Defenses for untrusted input

Ingestion packages handle input you don’t control — a PDF from opposing counsel, an archive from a data room, a URL from a filing. KAOS treats all of it as untrusted and bounds it, so a malicious or malformed input degrades gracefully instead of exhausting memory, escaping a sandbox, or reaching internal services.

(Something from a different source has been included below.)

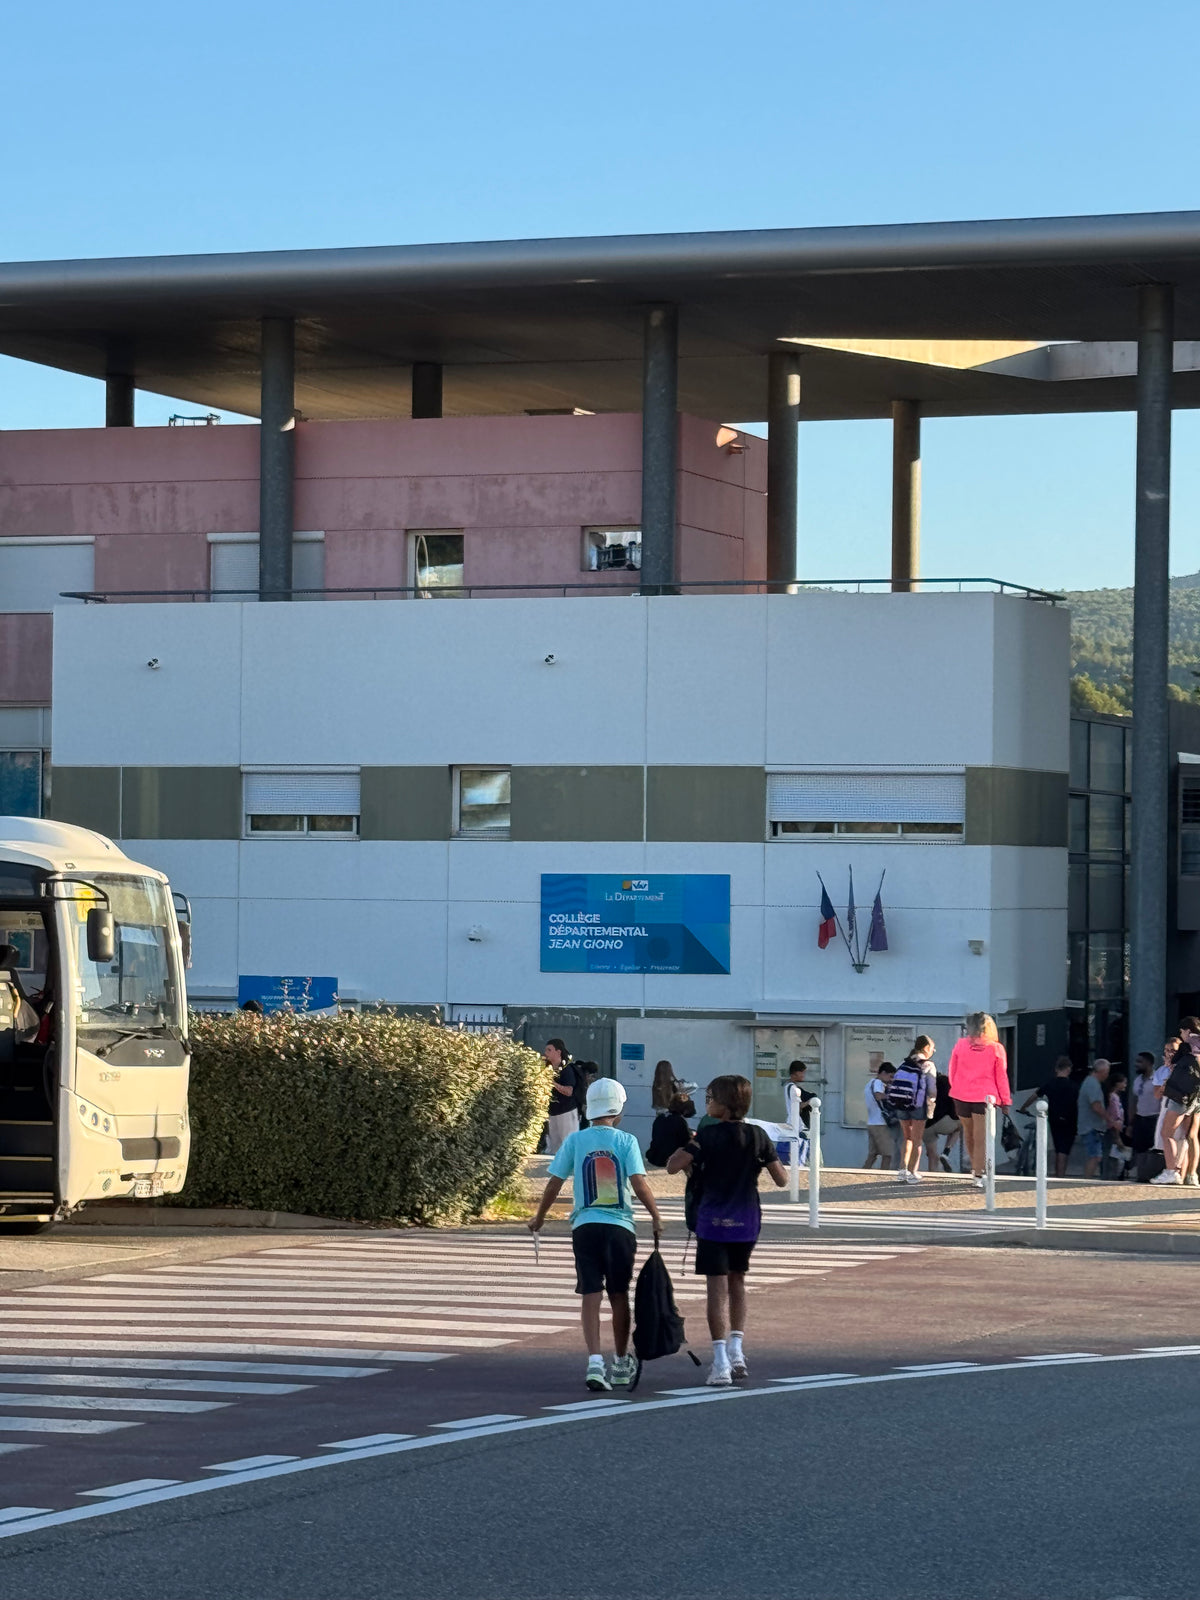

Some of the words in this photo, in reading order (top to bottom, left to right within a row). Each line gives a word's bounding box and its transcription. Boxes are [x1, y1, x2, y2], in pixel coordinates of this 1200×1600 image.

  • PDFs (kaos-pdf): PDFium runs under a global lock for thread-safety; extraction is bounded and offloaded so one document can’t block the event loop.
  • Office / archives (kaos-office, kaos-source): OPC and zip parsing caps decompressed size and entry counts — zip-bomb protection — and rejects path-traversal members.
  • Sources & URLs (kaos-source, kaos-web): URL fetching is guarded against SSRF (no reaching internal hosts), honors robots, redacts secrets, and caps response size; archive extraction is rooted so members can’t write outside the target.
  • SQL (kaos-tabular): DuckDB runs over registered files with a row cap; the filesystem-access surface is treated as a trust boundary.

Size, recursion, time, token, row, page, and path limits aren’t paranoia — they’re the difference between “this input failed cleanly” and “this input took down the service.” For legal/financial work especially, you must be able to safely open a document you have every reason to distrust. KAOS makes those limits the default, not an opt-in.